As we continue to recognize and celebrate Seniors Month this year, our Seniors Health program is pleased to share the following piece by Dr. Seda Rafilovich, Chief, Division of Geriatrics on caring for seniors in our community and through our health network. This exceptional quality care is provided for some of our most vulnerable – and vibrant – patients by staff, medical staff, volunteers and teams across SHN, in partnership with families and other providers.
By Dr. Seda Rafilovich, Chief, Division of Geriatrics, Scarborough Health Network
Here in Scarborough, where we have so many cultures and multigenerational homes that are built around relationships with elders, I believe that seniors are an integral and dynamic part of the lives of individuals and families, perhaps like in no other community. Seniors are embraced, heeded, respected, treasured, and cared for in so many rich and beautiful ways.
As a geriatrician in our community’s local hospital network, Scarborough Health Network (SHN), I have been fortunate to see and treat elderly patients from so many backgrounds and places across the globe. This greatly broadens my perspective and enriches my awareness of the multiplicity of outlooks towards life.

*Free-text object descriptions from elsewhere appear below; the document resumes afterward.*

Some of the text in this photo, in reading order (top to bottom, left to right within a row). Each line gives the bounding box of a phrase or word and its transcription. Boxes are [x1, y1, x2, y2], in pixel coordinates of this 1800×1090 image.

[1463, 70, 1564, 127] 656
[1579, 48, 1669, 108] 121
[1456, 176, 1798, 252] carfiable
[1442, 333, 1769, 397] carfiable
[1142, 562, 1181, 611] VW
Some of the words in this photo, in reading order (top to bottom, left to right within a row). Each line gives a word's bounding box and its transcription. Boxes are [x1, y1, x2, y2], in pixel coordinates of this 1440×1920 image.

It is heartwarming and humbling to see family members joining together to care for their elderly mom and dad, or grandparents.

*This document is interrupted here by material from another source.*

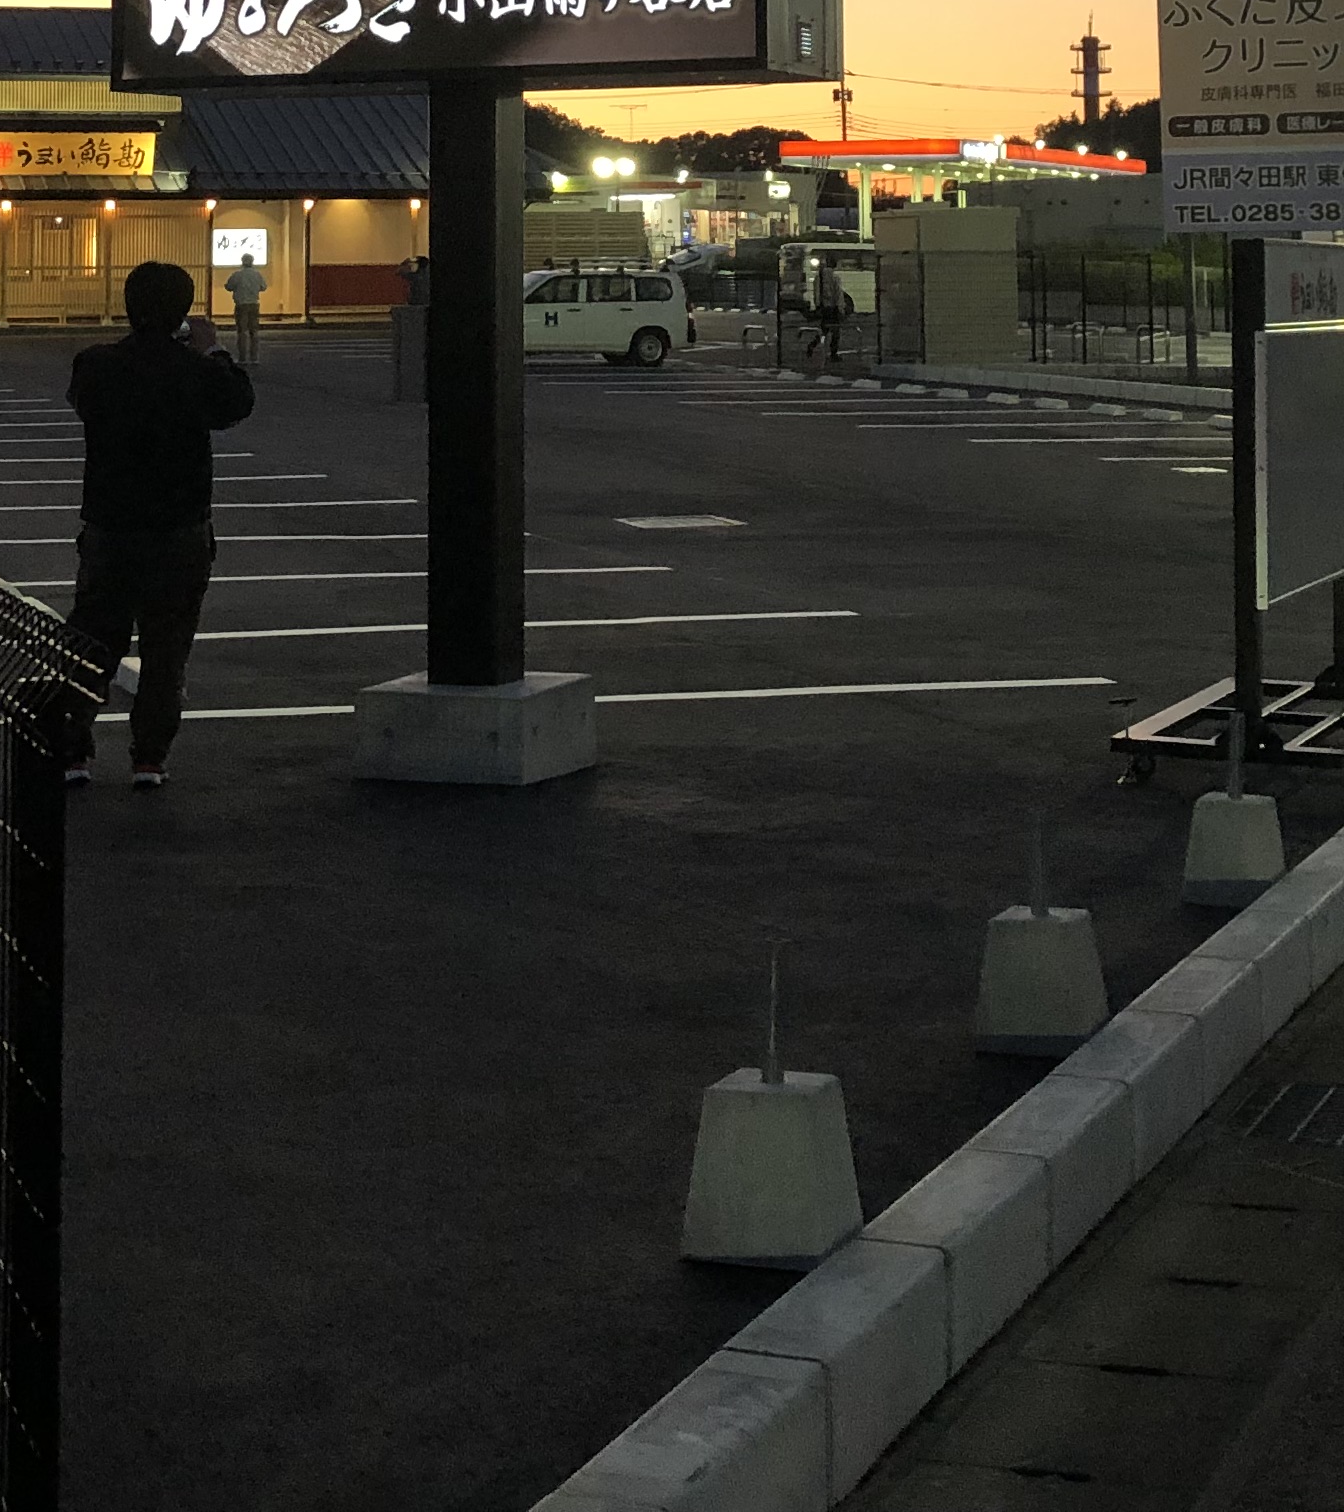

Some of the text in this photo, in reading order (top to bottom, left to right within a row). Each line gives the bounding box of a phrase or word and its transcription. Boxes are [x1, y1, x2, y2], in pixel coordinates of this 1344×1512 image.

[1200, 85, 1298, 102] 皮膚科専門医
[17, 137, 147, 170] うまい鮨勘
[1172, 165, 1307, 191] JR間々田駅

Of course, caring for seniors affects us all and in a growing way, as the number of Scarborough residents over 85 years old is sharply increasing (11 per cent from 2016 to 2021) and nearly half of our seniors experience difficulties with daily living activities. Many families caring for seniors face economic hardships that make the situation more difficult, with implications for food security, housing, and more. On the flip side, social isolation is an issue for the one in four seniors who live alone, and often results in barriers to receiving much-need care, especially in cases where access to transportation is limited. These barriers are compounded by higher rates of cognitive decline among this age group.

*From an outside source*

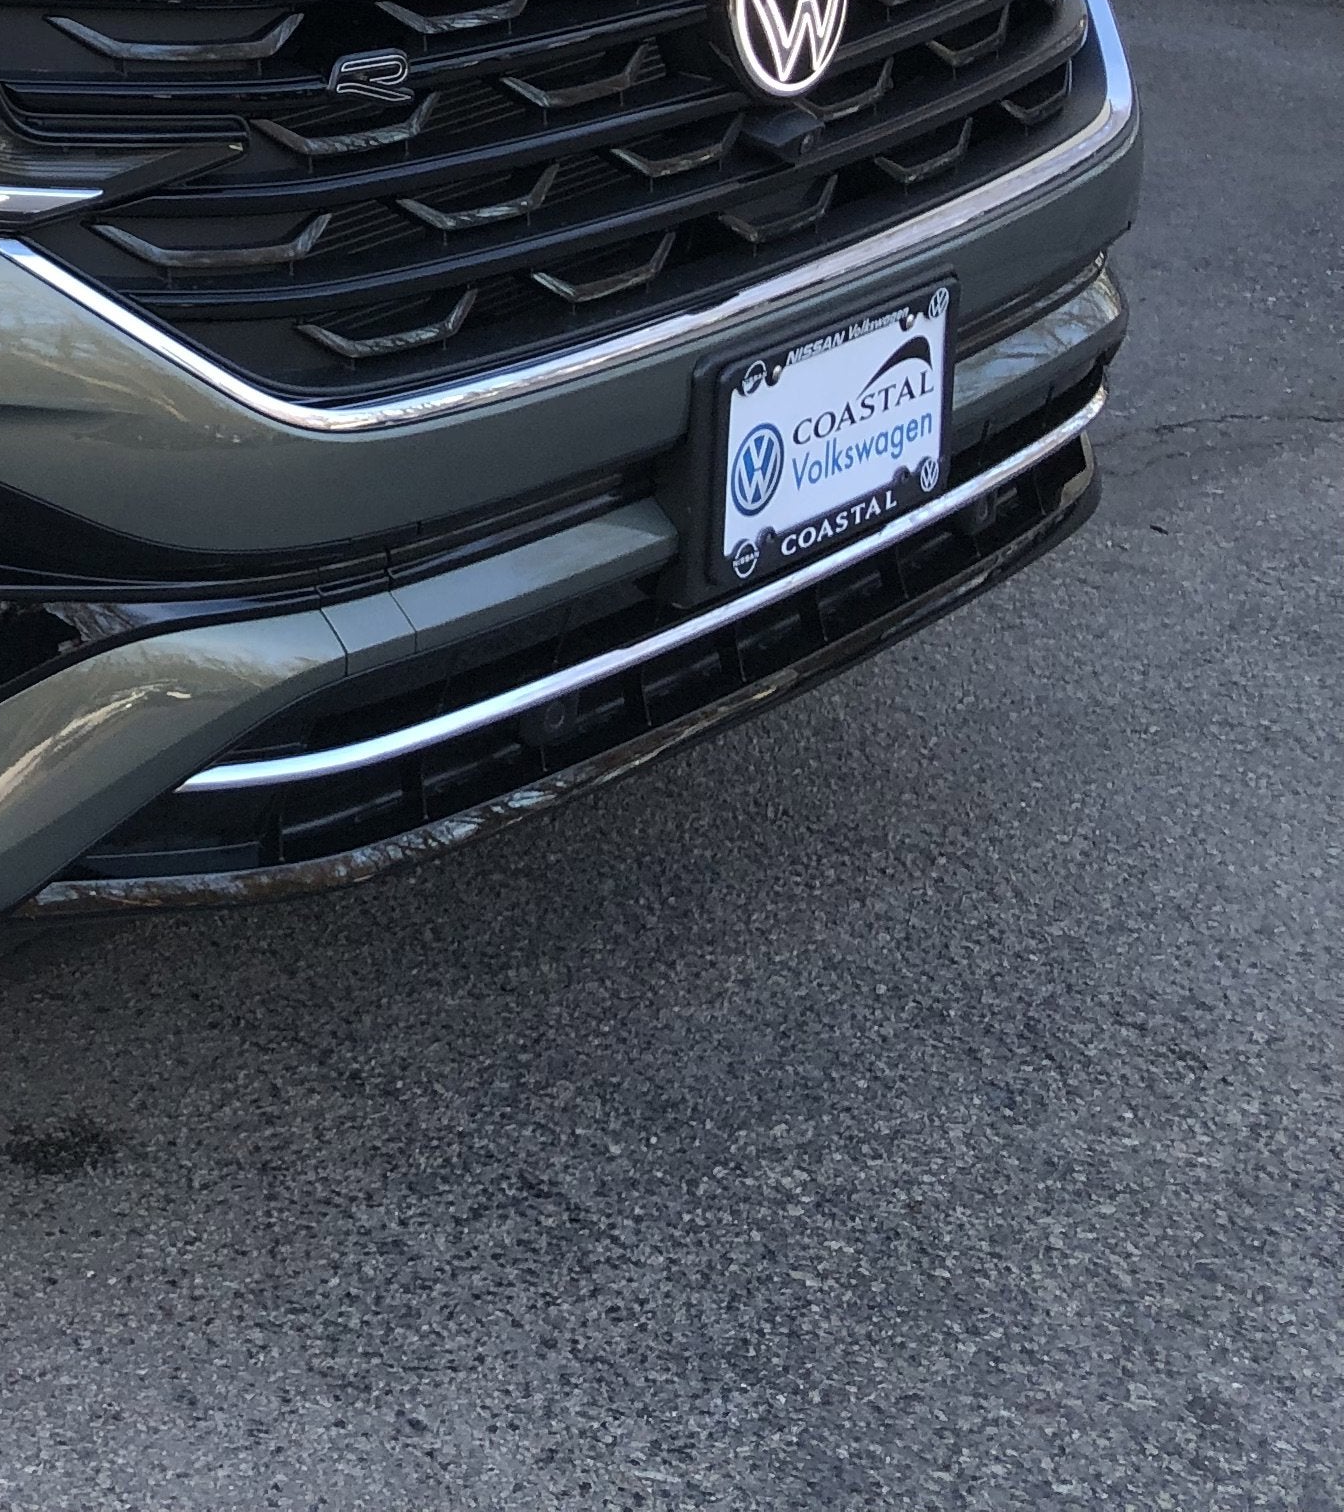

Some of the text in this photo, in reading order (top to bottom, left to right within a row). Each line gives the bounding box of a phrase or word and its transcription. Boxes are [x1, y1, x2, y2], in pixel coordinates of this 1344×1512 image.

Some of the ways of addressing these complex medical and social challenges include expanding specialized geriatric services and developing new models of care and community partnerships. Some examples of this in action are our longstanding Geriatric Assessment and Intervention Network clinics; a new SHN service that assists patients with dementia and behavioural issues to integrate back into their community following their hospital admission; and our innovative nurse-led outreach team of nurse practitioners and registered nurses who proactively visit long-term care homes in Scarborough to support resident care through assessments and treatment.
Geriatric care has truly been my lifelong passion. I am immensely proud of the work our doctors, nurses, social workers, dietitians, pharmacists, and more, are doing to ensure Scarborough seniors maintain the best quality of life possible.
For me and our team, we see caring for Scarborough’s growing population of seniors not as a burden, but a privilege and an honour.
Dr. Seda Rafilovich is the chief of geriatrics at Scarborough Health Network and a lecturer at the University of Toronto’s Temerty Faculty of Medicine.